┏━━
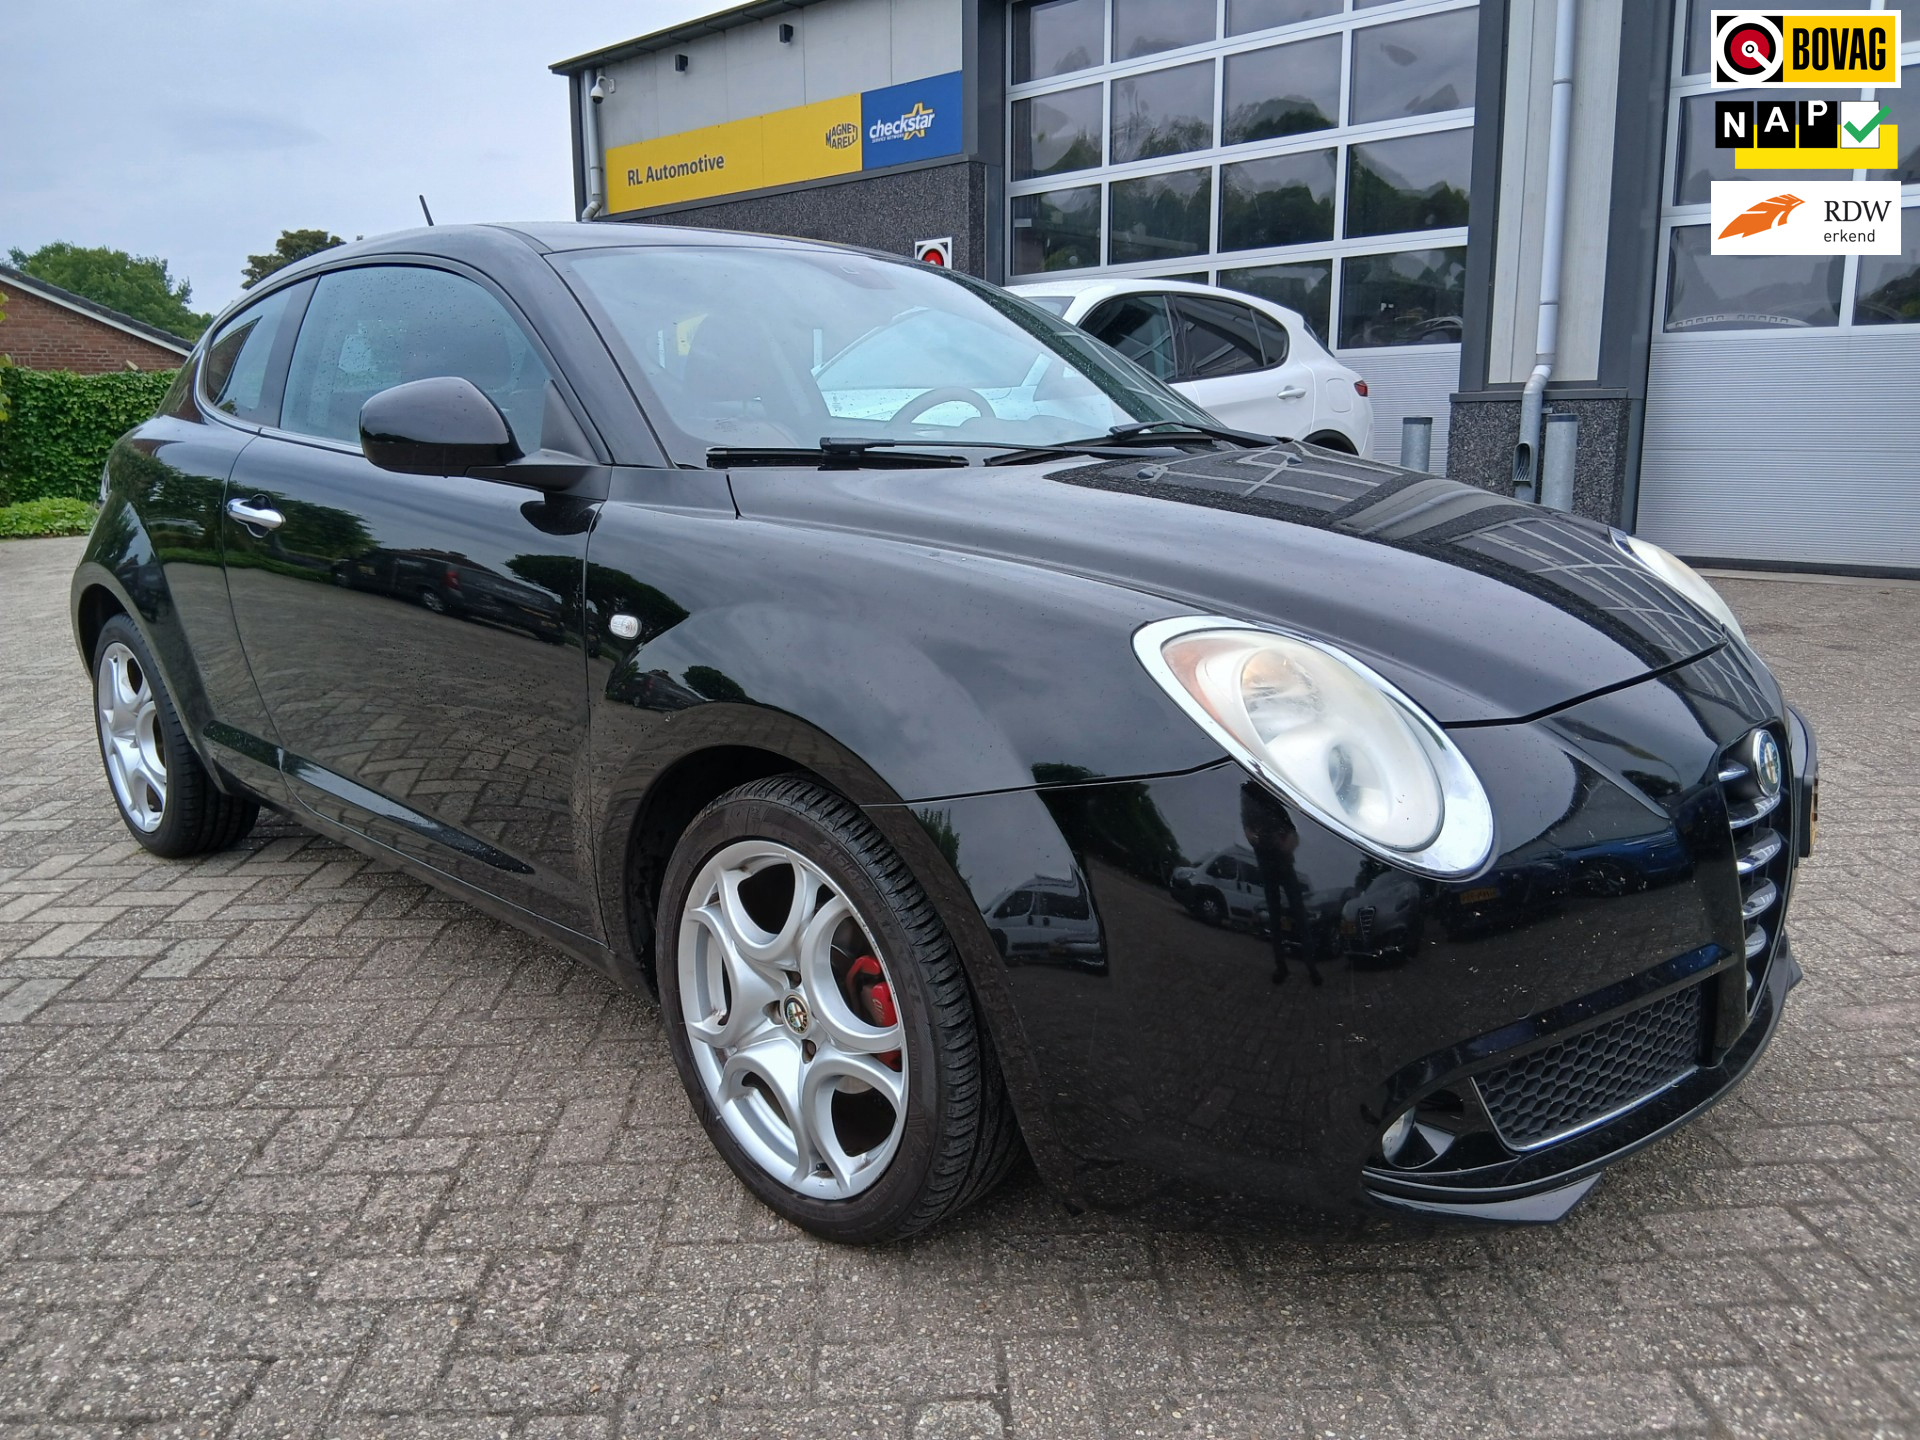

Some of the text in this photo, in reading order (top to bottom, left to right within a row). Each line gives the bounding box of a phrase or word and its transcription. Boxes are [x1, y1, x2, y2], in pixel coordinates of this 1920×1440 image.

[825, 122, 858, 138] MAGNETI
[869, 114, 935, 138] checkstar
[627, 154, 725, 186] RL Automotive
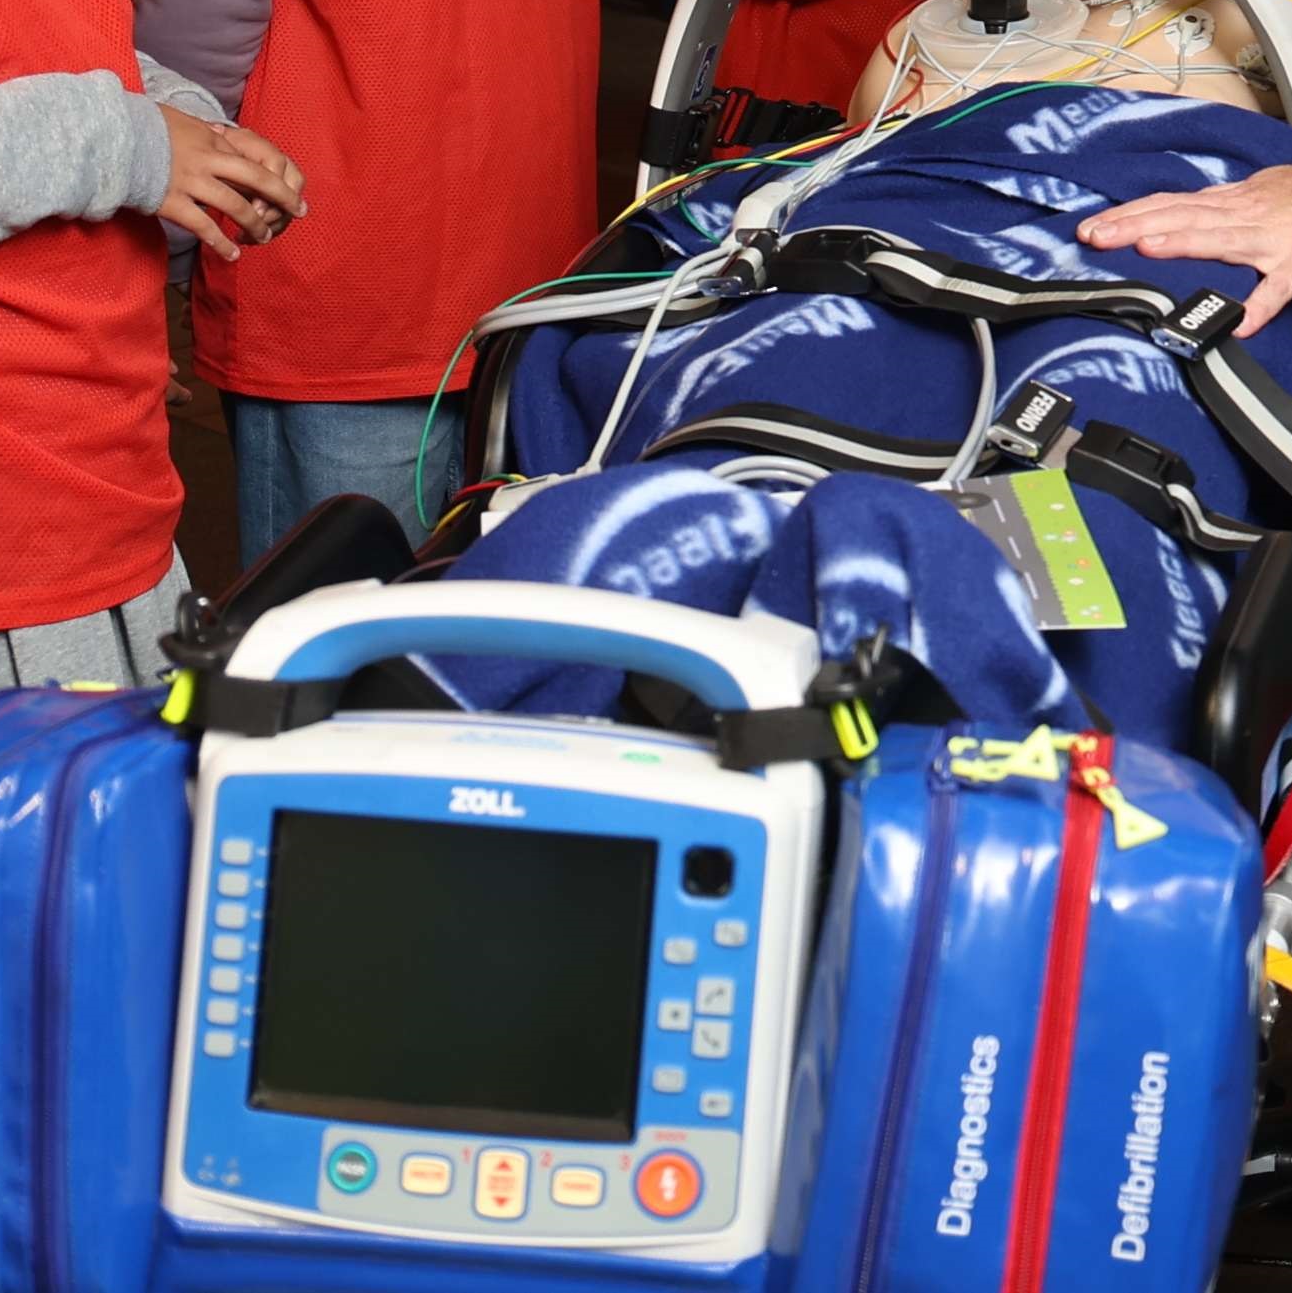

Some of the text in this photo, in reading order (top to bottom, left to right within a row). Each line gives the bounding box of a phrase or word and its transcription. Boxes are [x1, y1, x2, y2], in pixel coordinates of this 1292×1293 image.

[1180, 294, 1226, 331] FERNO
[1016, 390, 1058, 432] FERNO
[448, 786, 525, 818] ZOLL
[936, 1035, 1000, 1237] Diagnostics
[1111, 1051, 1170, 1262] Defibrillation
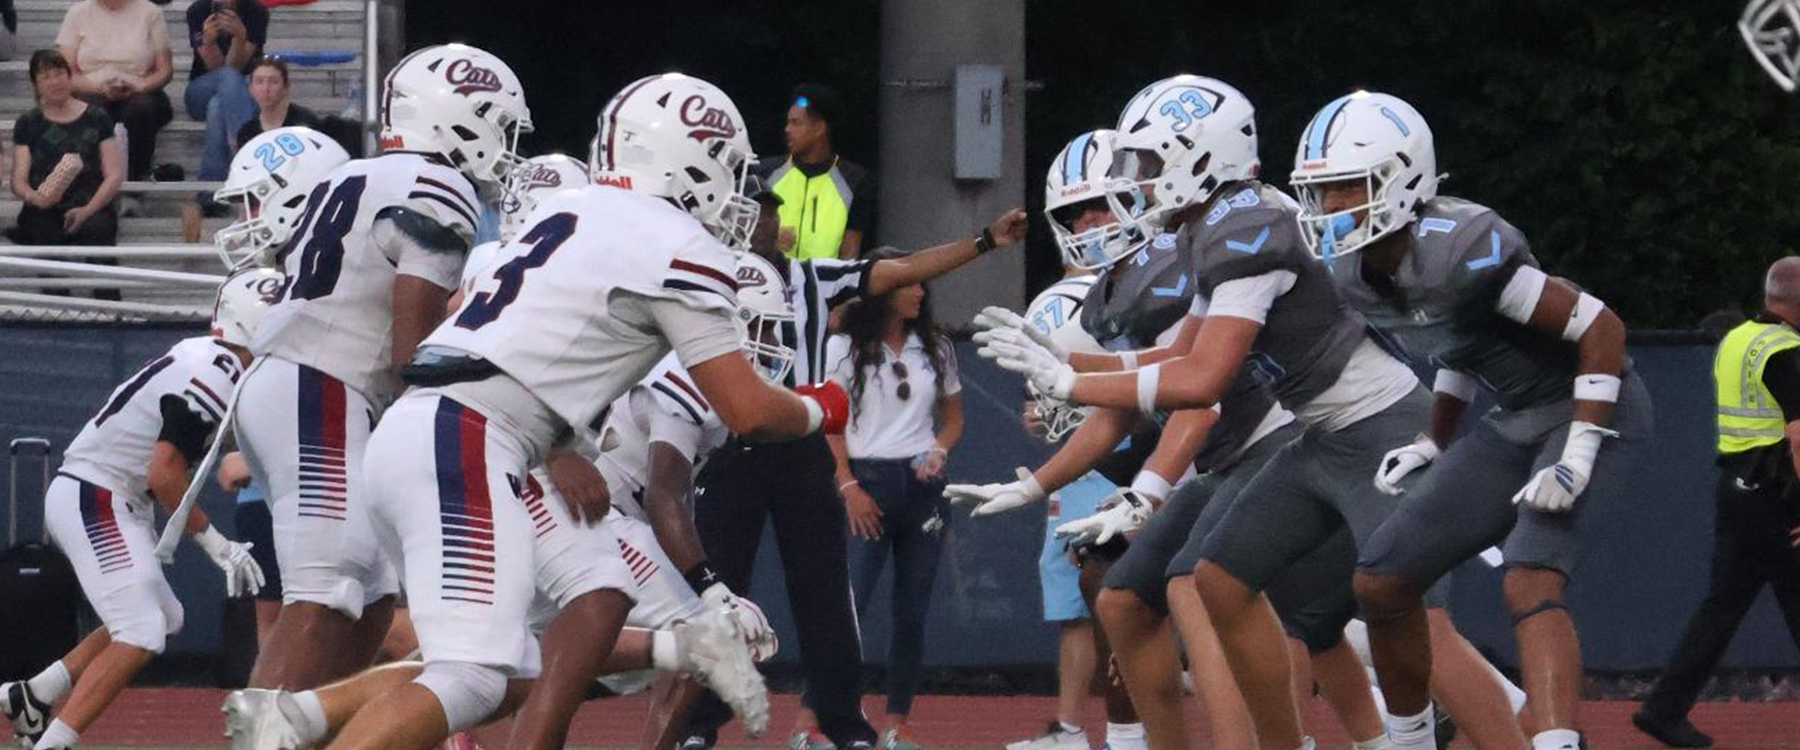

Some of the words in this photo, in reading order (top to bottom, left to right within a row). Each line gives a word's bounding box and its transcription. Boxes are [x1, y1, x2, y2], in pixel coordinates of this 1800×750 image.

[446, 58, 503, 97] Cats
[680, 94, 737, 143] Cats
[1160, 89, 1212, 133] 33
[253, 133, 306, 172] 28
[453, 211, 579, 332] 3
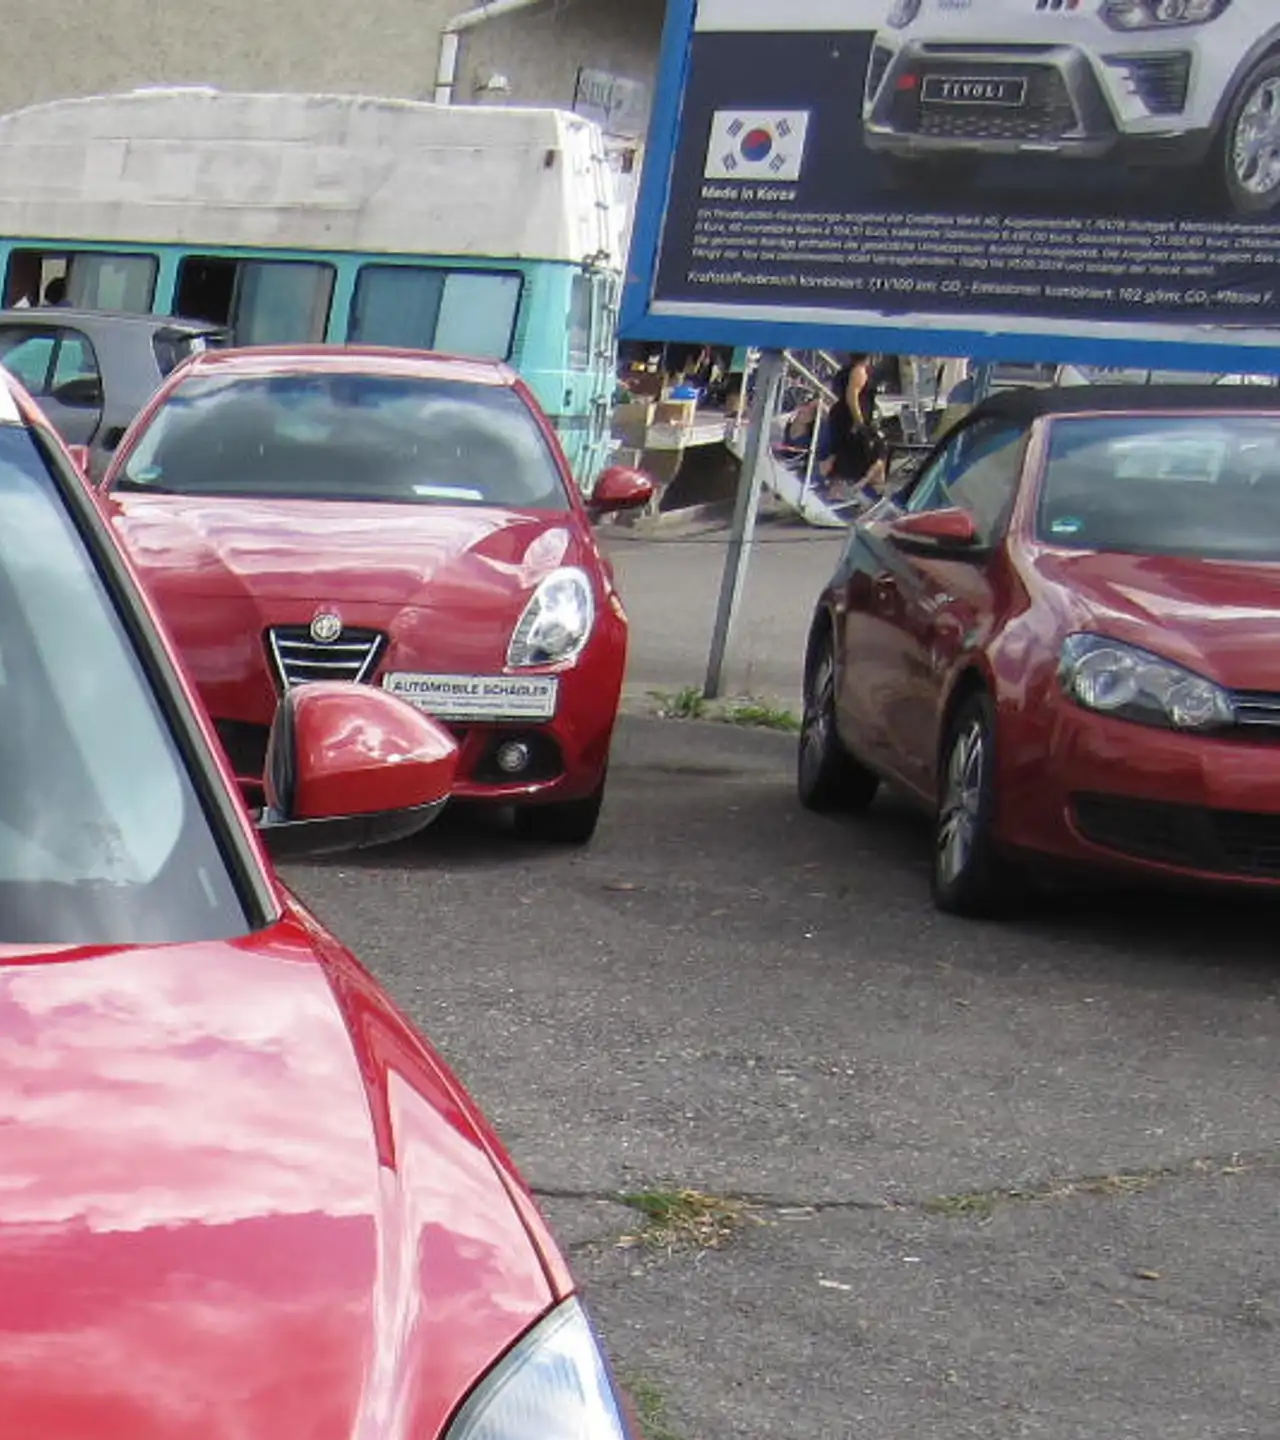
┗━━
Everything from the line containing "Some of the words" through the end of the data should be printed exactly, line for line, except the pictures.

RESPONSE TO THE EXERCISE.
Some of the words in this photo, in reading order (top to bottom, left to right within a row). Each line gives a word's bounding box and its transcription. Boxes are [x1, y1, x2, y2], in pixel coordinates of this 1800×750 image.

[446, 58, 503, 97] Cats
[680, 94, 737, 143] Cats
[1160, 89, 1212, 133] 33
[253, 133, 306, 172] 28
[453, 211, 579, 332] 3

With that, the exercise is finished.